Dans ce dossier, le SUI
dénonce le manque de transparence dont la DARPMI a constamment fait preuve. Je
fais référence au rapport de Monsieur GOELLNER du 9 mars 2004 qui confirme
l’analyse que je tiens à développer. Monsieur le président compte tenu des
répercussions de ce rapport, le SUI vous demande des éclaircissements et un
débat sur ce rapport.
Cette réorganisation,
qui au passage est conduite d'une très mauvaise manière par les DRIRE, sans
intégrer l’aspect humain, va avoir de très grandes répercussions sur l'avenir
des personnels en particulier sur les aspects de mobilité géographique.
Pour le SUI, les DRIRE
ne peuvent durablement exister sans une remise en cause totale de leur mode de
fonctionnement.
Pour alimenter le débat
et tenter de sauver ce qui peut encore l'être, le SUI propose de lancer une
réflexion sur le bien fondé de la séparation des activités actuelles des DRIRE.

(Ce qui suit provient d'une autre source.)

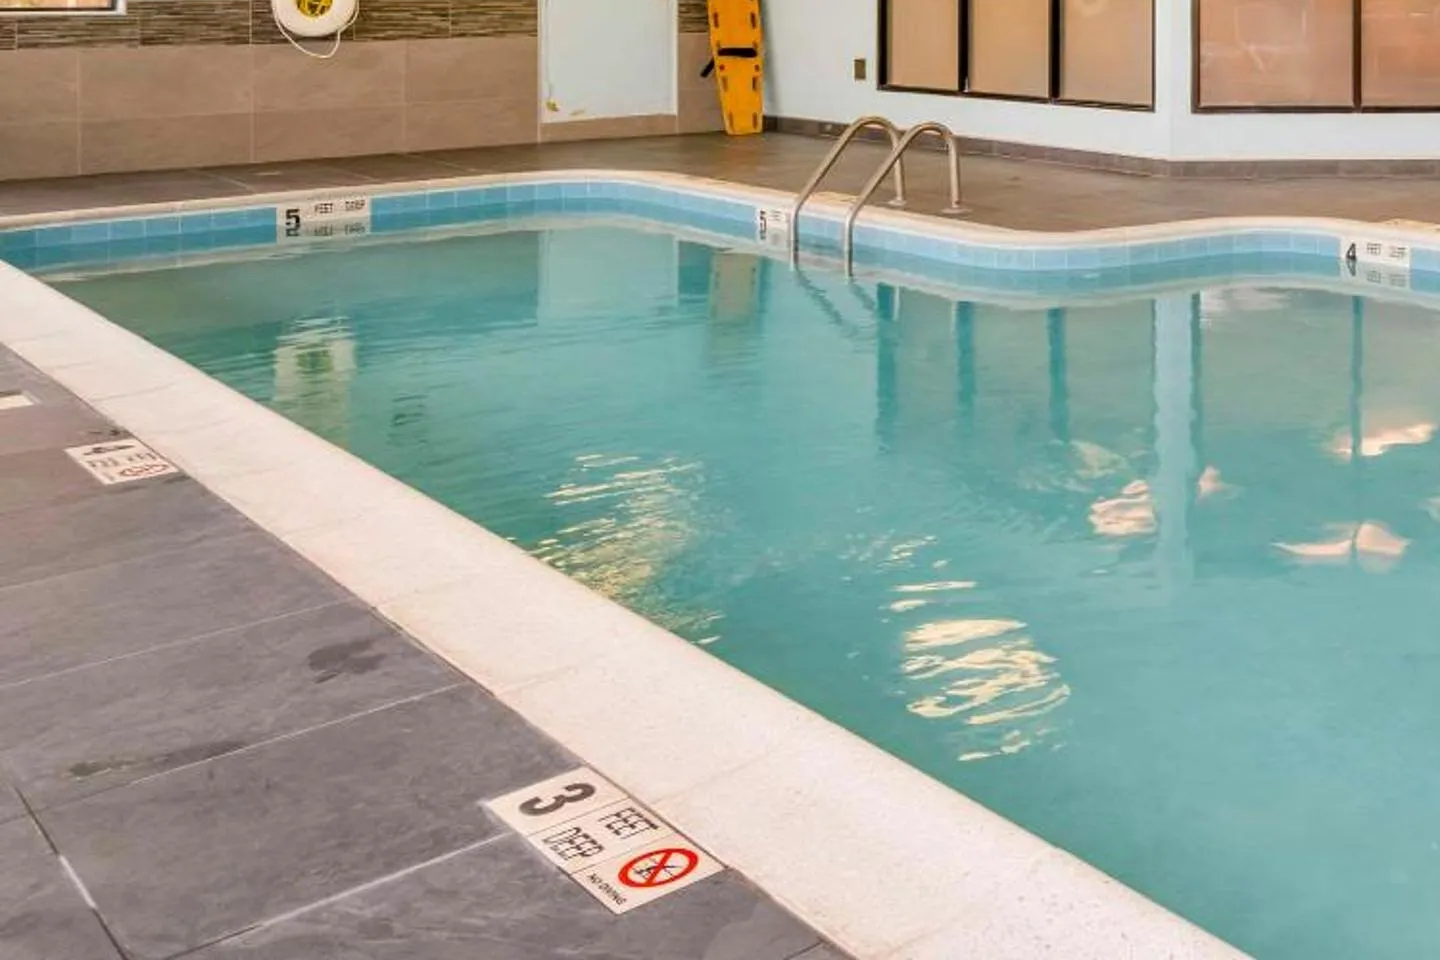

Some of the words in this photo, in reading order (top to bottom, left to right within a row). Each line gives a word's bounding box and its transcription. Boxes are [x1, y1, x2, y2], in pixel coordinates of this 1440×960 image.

En effet, à l'heure où les notions de taille critique pour maintenir telle ou telle compétence voire telle ou telle entité
géographique, la séparation des activités est une menace importante pour les
agents.
Le SUI propose donc une
réflexion sur le sujet, réflexion qui pourrait être menée dans le cadre de la
réorganisation des DRIRE et de la modernisation de l’inspection.